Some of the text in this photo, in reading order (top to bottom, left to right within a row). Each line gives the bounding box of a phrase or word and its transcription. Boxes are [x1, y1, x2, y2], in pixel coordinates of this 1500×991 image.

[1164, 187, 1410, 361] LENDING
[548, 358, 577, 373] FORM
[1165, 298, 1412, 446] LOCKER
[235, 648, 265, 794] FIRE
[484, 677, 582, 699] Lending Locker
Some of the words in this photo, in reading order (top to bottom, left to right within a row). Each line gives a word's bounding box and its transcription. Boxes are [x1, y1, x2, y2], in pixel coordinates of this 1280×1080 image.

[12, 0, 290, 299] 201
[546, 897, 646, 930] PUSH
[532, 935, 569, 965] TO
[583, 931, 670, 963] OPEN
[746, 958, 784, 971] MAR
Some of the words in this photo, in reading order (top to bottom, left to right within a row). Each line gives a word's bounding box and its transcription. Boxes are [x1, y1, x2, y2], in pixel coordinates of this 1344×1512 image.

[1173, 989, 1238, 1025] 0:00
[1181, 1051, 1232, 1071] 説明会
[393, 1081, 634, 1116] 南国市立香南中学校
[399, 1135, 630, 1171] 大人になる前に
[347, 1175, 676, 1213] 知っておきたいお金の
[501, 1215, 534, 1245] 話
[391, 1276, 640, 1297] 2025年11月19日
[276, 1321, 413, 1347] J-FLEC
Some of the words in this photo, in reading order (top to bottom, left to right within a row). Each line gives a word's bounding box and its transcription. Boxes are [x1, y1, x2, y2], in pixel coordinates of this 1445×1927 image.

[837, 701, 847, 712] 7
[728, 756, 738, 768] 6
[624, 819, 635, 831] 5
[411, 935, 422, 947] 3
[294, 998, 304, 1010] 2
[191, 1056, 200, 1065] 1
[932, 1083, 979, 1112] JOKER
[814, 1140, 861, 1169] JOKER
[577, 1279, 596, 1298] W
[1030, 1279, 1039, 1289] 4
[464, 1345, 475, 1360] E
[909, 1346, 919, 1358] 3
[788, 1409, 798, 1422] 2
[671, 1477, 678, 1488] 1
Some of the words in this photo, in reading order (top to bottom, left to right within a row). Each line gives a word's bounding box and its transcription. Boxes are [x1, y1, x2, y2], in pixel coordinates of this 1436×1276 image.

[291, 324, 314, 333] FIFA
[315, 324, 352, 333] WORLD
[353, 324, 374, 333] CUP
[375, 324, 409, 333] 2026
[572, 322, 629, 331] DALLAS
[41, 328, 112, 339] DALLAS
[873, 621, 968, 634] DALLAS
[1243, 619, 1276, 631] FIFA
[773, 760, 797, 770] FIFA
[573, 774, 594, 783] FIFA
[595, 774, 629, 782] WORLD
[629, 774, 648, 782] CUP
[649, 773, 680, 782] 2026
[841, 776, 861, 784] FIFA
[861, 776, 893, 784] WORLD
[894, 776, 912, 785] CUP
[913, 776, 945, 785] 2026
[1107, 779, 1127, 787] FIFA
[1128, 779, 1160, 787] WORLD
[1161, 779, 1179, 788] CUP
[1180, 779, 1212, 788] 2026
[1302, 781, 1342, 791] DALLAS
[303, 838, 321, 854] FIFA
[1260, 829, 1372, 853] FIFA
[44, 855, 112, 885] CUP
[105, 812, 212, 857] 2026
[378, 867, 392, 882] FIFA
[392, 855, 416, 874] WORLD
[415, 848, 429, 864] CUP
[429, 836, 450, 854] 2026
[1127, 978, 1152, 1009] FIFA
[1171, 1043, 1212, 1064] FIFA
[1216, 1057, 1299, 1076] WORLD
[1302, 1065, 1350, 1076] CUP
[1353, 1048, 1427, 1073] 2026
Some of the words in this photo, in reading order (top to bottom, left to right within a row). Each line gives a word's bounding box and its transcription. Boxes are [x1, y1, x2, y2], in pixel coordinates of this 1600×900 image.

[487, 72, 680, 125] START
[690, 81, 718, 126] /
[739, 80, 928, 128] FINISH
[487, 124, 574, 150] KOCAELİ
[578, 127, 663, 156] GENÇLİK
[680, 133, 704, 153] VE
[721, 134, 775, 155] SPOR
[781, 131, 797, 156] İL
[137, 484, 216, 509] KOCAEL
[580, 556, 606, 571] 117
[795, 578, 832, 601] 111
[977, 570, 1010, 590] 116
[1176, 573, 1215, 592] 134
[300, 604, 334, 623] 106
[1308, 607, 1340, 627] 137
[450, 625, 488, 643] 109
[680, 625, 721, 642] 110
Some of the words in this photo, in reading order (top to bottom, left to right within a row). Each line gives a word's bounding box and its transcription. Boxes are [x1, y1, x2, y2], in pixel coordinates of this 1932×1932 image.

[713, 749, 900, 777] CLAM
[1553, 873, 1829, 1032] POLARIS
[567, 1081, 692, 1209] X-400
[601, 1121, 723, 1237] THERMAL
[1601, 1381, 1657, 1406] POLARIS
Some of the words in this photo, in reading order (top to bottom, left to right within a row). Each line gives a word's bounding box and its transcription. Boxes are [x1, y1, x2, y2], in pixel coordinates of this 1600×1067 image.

══════════════════════════════

> _Goal of the exercise_: Repeat the material word for word, in full.

> _Result for this exercise_:
Some of the text in this photo, in reading order (top to bottom, left to right within a row). Each line gives the bounding box of a phrase or word and its transcription. Boxes are [x1, y1, x2, y2], in pixel coordinates of this 1500×991 image.

[1164, 187, 1410, 361] LENDING
[548, 358, 577, 373] FORM
[1165, 298, 1412, 446] LOCKER
[235, 648, 265, 794] FIRE
[484, 677, 582, 699] Lending Locker
Some of the words in this photo, in reading order (top to bottom, left to right within a row). Each line gives a word's bounding box and its transcription. Boxes are [x1, y1, x2, y2], in pixel coordinates of this 1280×1080 image.

[12, 0, 290, 299] 201
[546, 897, 646, 930] PUSH
[532, 935, 569, 965] TO
[583, 931, 670, 963] OPEN
[746, 958, 784, 971] MAR
Some of the words in this photo, in reading order (top to bottom, left to right within a row). Each line gives a word's bounding box and its transcription. Boxes are [x1, y1, x2, y2], in pixel coordinates of this 1344×1512 image.

[1173, 989, 1238, 1025] 0:00
[1181, 1051, 1232, 1071] 説明会
[393, 1081, 634, 1116] 南国市立香南中学校
[399, 1135, 630, 1171] 大人になる前に
[347, 1175, 676, 1213] 知っておきたいお金の
[501, 1215, 534, 1245] 話
[391, 1276, 640, 1297] 2025年11月19日
[276, 1321, 413, 1347] J-FLEC
Some of the words in this photo, in reading order (top to bottom, left to right within a row). Each line gives a word's bounding box and its transcription. Boxes are [x1, y1, x2, y2], in pixel coordinates of this 1445×1927 image.

[837, 701, 847, 712] 7
[728, 756, 738, 768] 6
[624, 819, 635, 831] 5
[411, 935, 422, 947] 3
[294, 998, 304, 1010] 2
[191, 1056, 200, 1065] 1
[932, 1083, 979, 1112] JOKER
[814, 1140, 861, 1169] JOKER
[577, 1279, 596, 1298] W
[1030, 1279, 1039, 1289] 4
[464, 1345, 475, 1360] E
[909, 1346, 919, 1358] 3
[788, 1409, 798, 1422] 2
[671, 1477, 678, 1488] 1
Some of the words in this photo, in reading order (top to bottom, left to right within a row). Each line gives a word's bounding box and its transcription. Boxes are [x1, y1, x2, y2], in pixel coordinates of this 1436×1276 image.

[291, 324, 314, 333] FIFA
[315, 324, 352, 333] WORLD
[353, 324, 374, 333] CUP
[375, 324, 409, 333] 2026
[572, 322, 629, 331] DALLAS
[41, 328, 112, 339] DALLAS
[873, 621, 968, 634] DALLAS
[1243, 619, 1276, 631] FIFA
[773, 760, 797, 770] FIFA
[573, 774, 594, 783] FIFA
[595, 774, 629, 782] WORLD
[629, 774, 648, 782] CUP
[649, 773, 680, 782] 2026
[841, 776, 861, 784] FIFA
[861, 776, 893, 784] WORLD
[894, 776, 912, 785] CUP
[913, 776, 945, 785] 2026
[1107, 779, 1127, 787] FIFA
[1128, 779, 1160, 787] WORLD
[1161, 779, 1179, 788] CUP
[1180, 779, 1212, 788] 2026
[1302, 781, 1342, 791] DALLAS
[303, 838, 321, 854] FIFA
[1260, 829, 1372, 853] FIFA
[44, 855, 112, 885] CUP
[105, 812, 212, 857] 2026
[378, 867, 392, 882] FIFA
[392, 855, 416, 874] WORLD
[415, 848, 429, 864] CUP
[429, 836, 450, 854] 2026
[1127, 978, 1152, 1009] FIFA
[1171, 1043, 1212, 1064] FIFA
[1216, 1057, 1299, 1076] WORLD
[1302, 1065, 1350, 1076] CUP
[1353, 1048, 1427, 1073] 2026
Some of the words in this photo, in reading order (top to bottom, left to right within a row). Each line gives a word's bounding box and its transcription. Boxes are [x1, y1, x2, y2], in pixel coordinates of this 1600×900 image.

[487, 72, 680, 125] START
[690, 81, 718, 126] /
[739, 80, 928, 128] FINISH
[487, 124, 574, 150] KOCAELİ
[578, 127, 663, 156] GENÇLİK
[680, 133, 704, 153] VE
[721, 134, 775, 155] SPOR
[781, 131, 797, 156] İL
[137, 484, 216, 509] KOCAEL
[580, 556, 606, 571] 117
[795, 578, 832, 601] 111
[977, 570, 1010, 590] 116
[1176, 573, 1215, 592] 134
[300, 604, 334, 623] 106
[1308, 607, 1340, 627] 137
[450, 625, 488, 643] 109
[680, 625, 721, 642] 110
Some of the words in this photo, in reading order (top to bottom, left to right within a row). Each line gives a word's bounding box and its transcription. Boxes are [x1, y1, x2, y2], in pixel coordinates of this 1932×1932 image.

[713, 749, 900, 777] CLAM
[1553, 873, 1829, 1032] POLARIS
[567, 1081, 692, 1209] X-400
[601, 1121, 723, 1237] THERMAL
[1601, 1381, 1657, 1406] POLARIS
Some of the words in this photo, in reading order (top to bottom, left to right within a row). Each line gives a word's bounding box and its transcription. Boxes are [x1, y1, x2, y2], in pixel coordinates of this 1600×1067 image.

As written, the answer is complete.